• Exercise
Your answer must be the records below repeated word for word, with no pictures in it.
◇ ◇ ◇ ◇ ◇ ◇ ◇
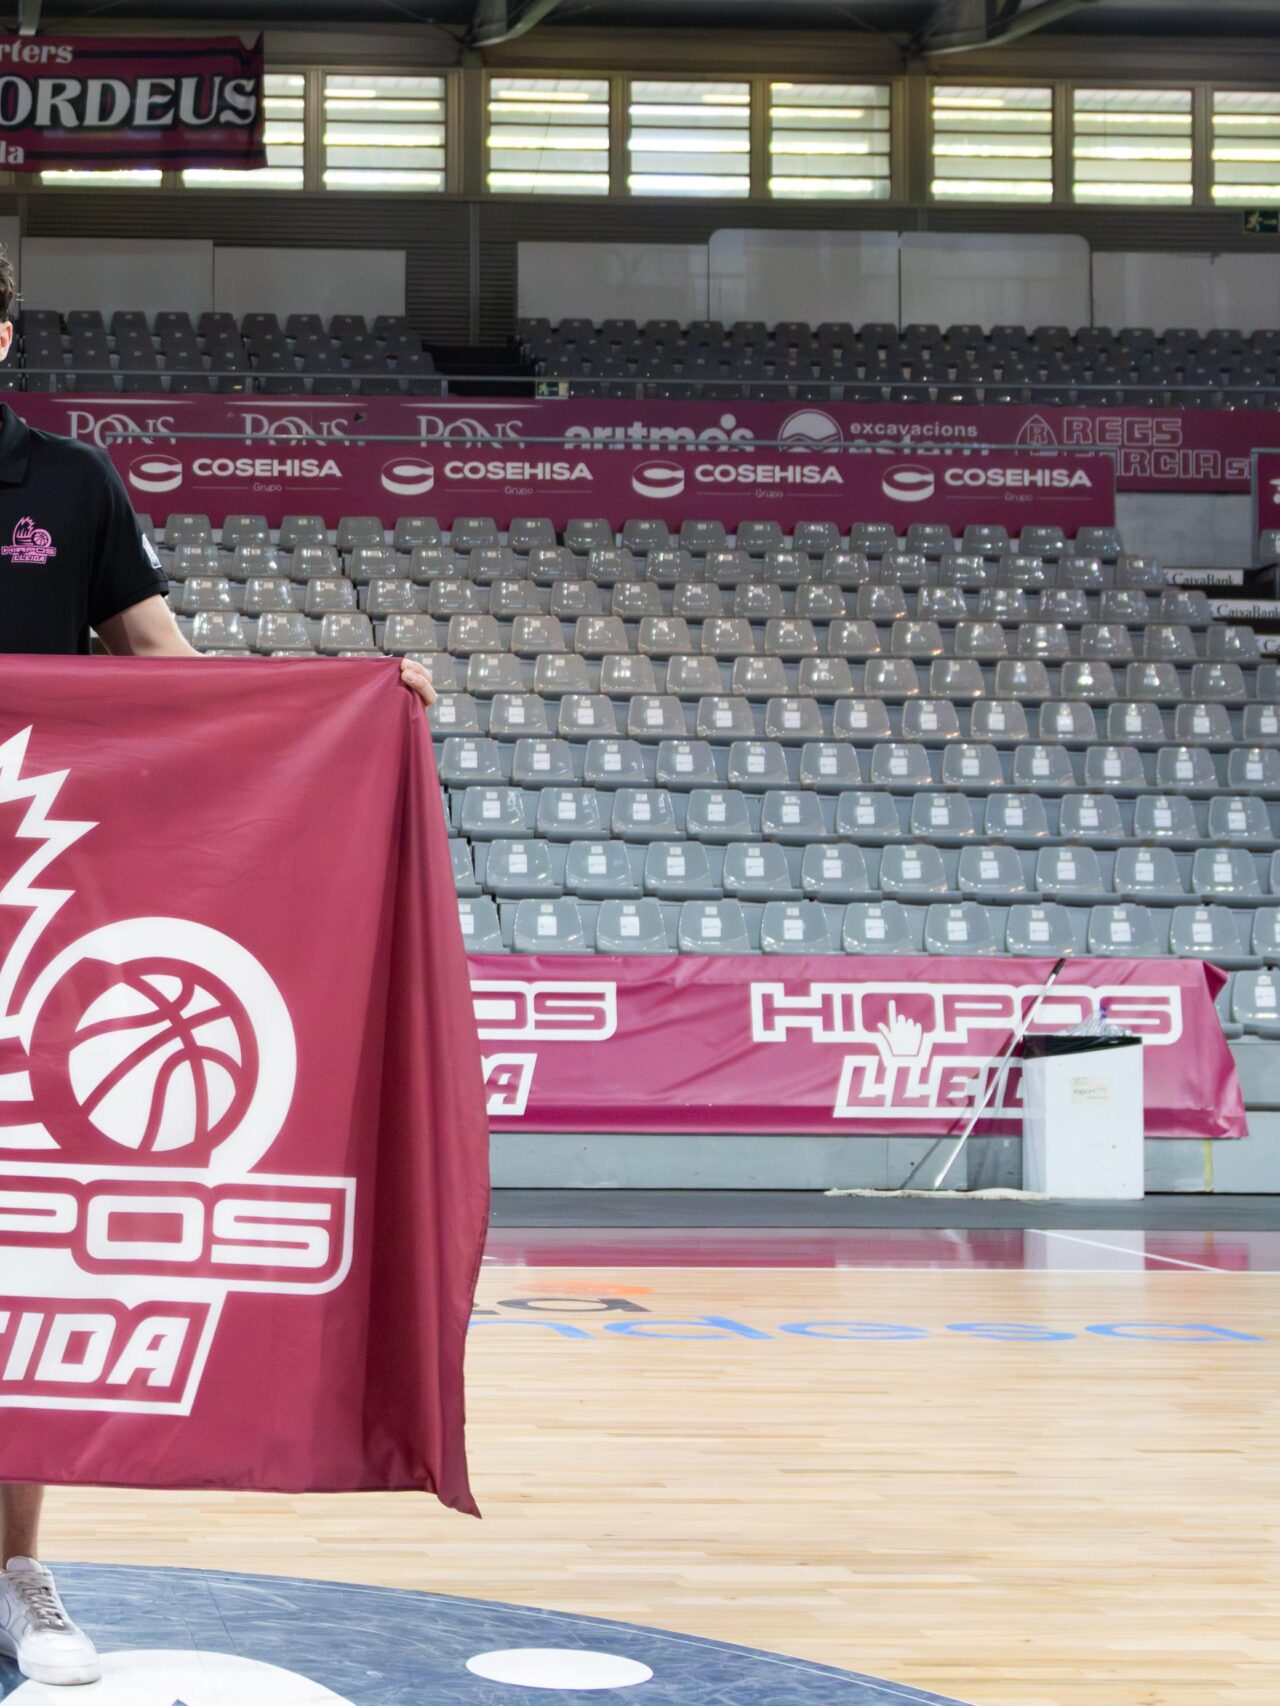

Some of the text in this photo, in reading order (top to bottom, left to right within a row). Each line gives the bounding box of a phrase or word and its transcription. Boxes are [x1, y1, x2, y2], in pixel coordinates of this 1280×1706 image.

[849, 421, 979, 437] excavacions
[192, 458, 343, 479] COSEHISA
[443, 461, 594, 481] COSEHISA
[694, 464, 844, 484] COSEHISA
[944, 468, 1093, 488] COSEHISA
[1172, 572, 1234, 585] CaixaBank
[468, 1315, 1267, 1343] ndesa
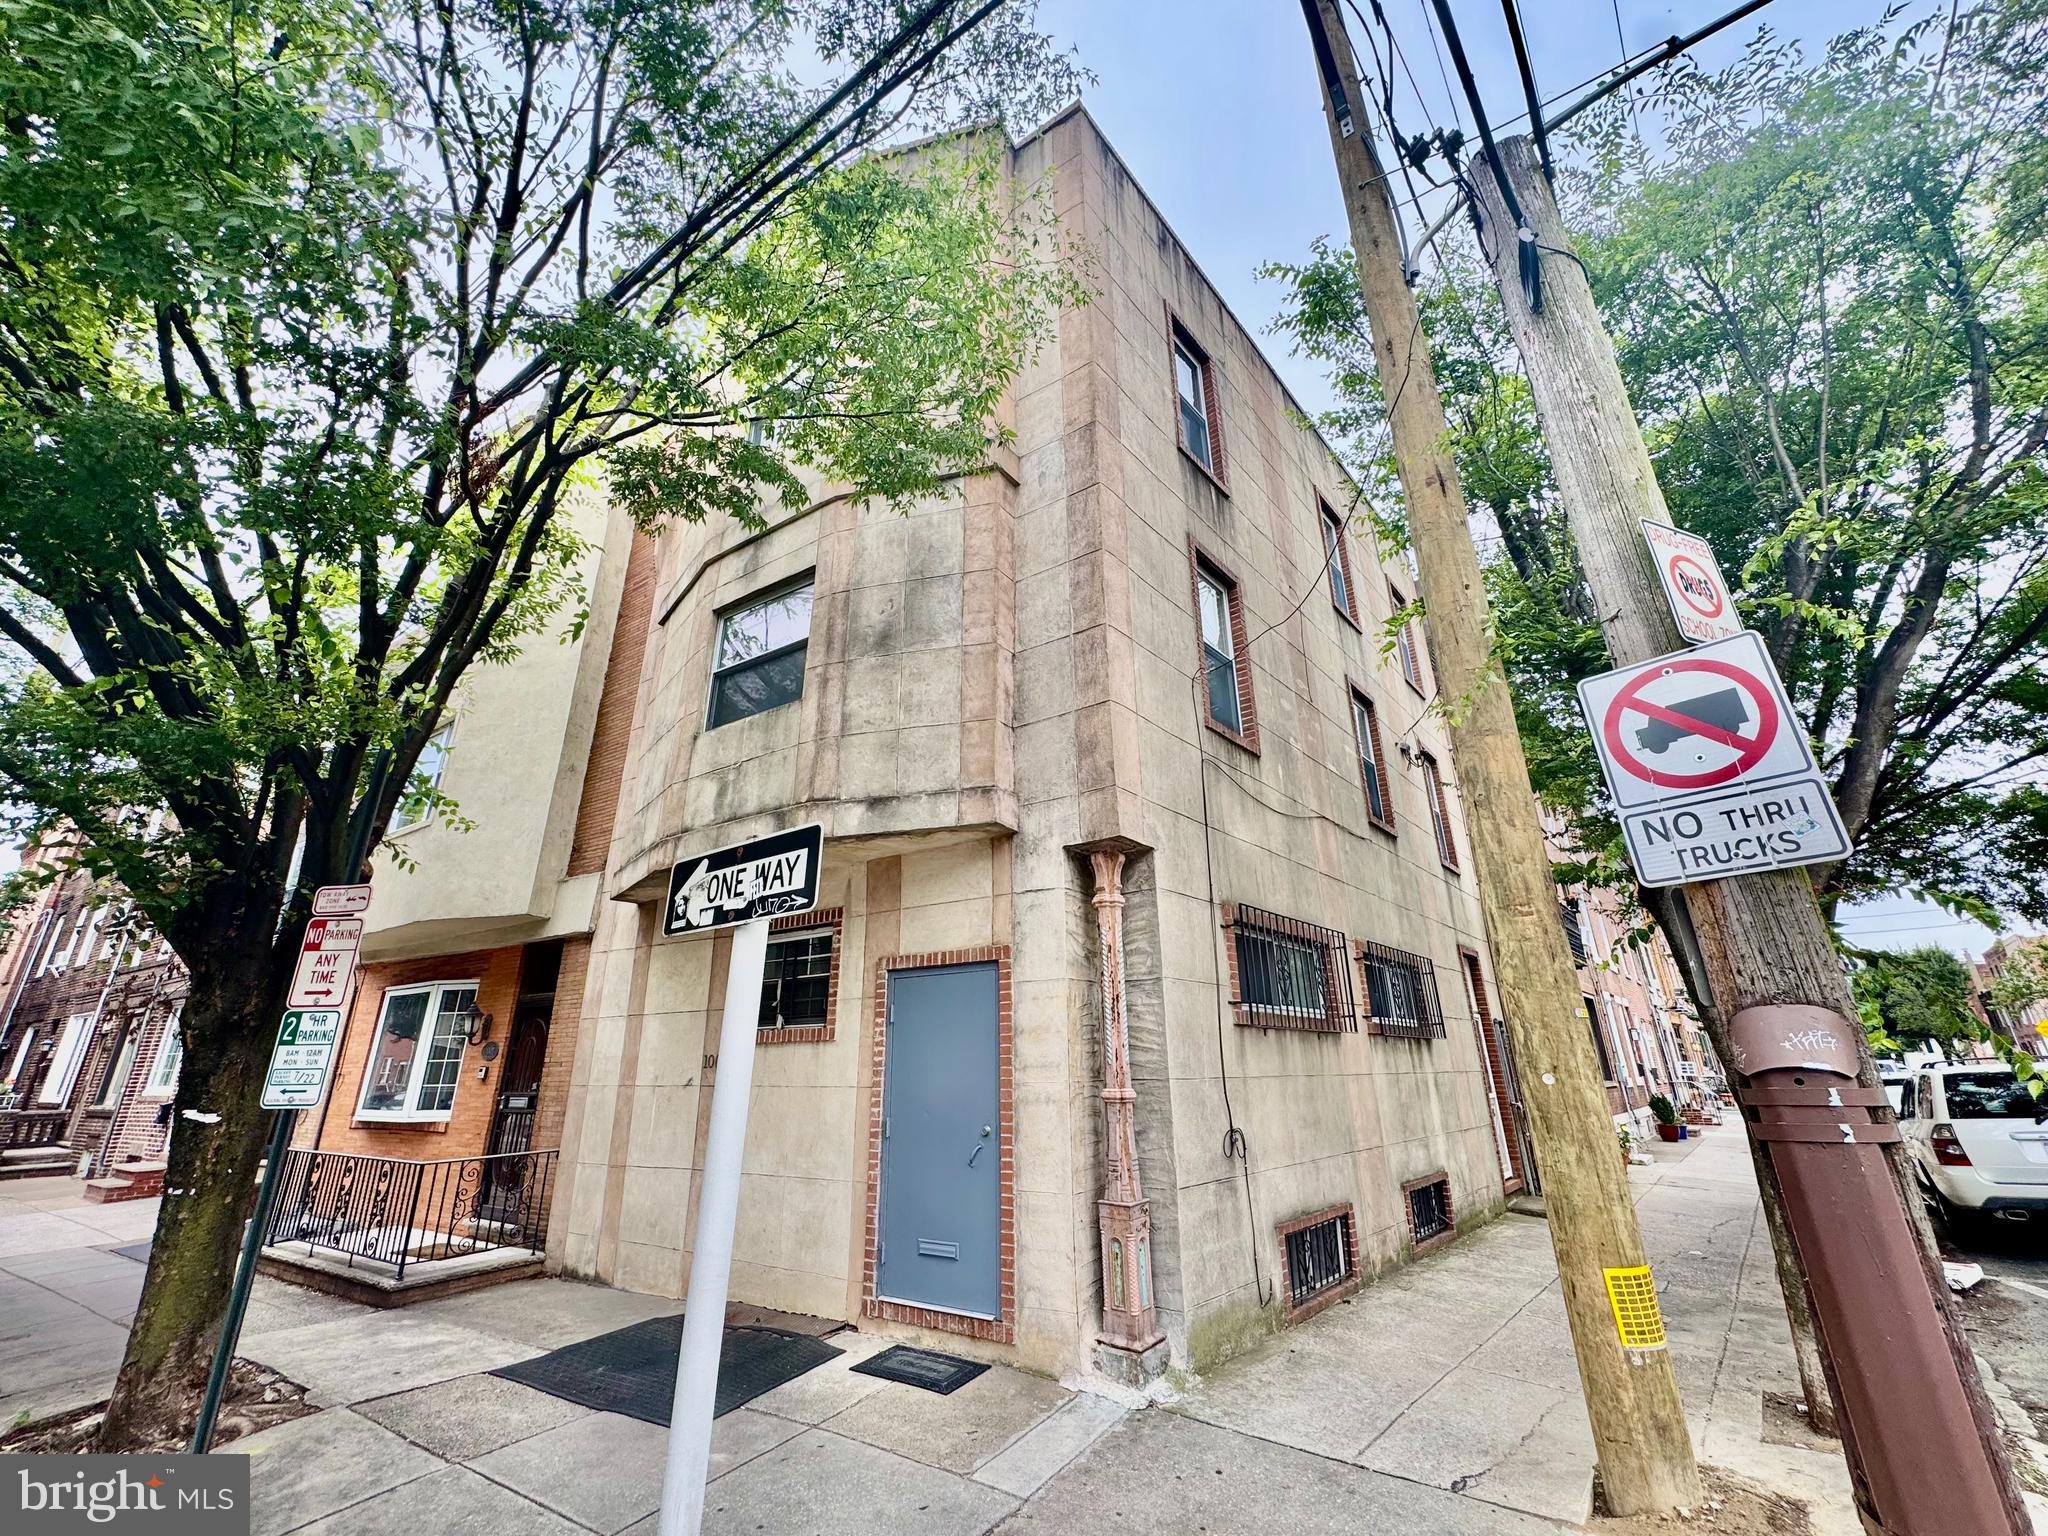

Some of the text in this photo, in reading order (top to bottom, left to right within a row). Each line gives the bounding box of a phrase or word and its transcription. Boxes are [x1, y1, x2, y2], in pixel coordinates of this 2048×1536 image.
◇ ◇ ◇ ◇ ◇ ◇ ◇
• Exercise response
Some of the text in this photo, in reading order (top to bottom, left to right within a row). Each line gives the bounding box of a phrase or word and its transcription. Boxes are [x1, y1, x2, y2], in pixel coordinates of this 1280×1706 image.

[849, 421, 979, 437] excavacions
[192, 458, 343, 479] COSEHISA
[443, 461, 594, 481] COSEHISA
[694, 464, 844, 484] COSEHISA
[944, 468, 1093, 488] COSEHISA
[1172, 572, 1234, 585] CaixaBank
[468, 1315, 1267, 1343] ndesa

Some of the text in this photo, in reading order (top to bottom, left to right within a row). Each line gives the bounding box of a phrase or word and its transcription. Boxes are [x1, y1, x2, y2], in pixel coordinates of this 2048×1536 image.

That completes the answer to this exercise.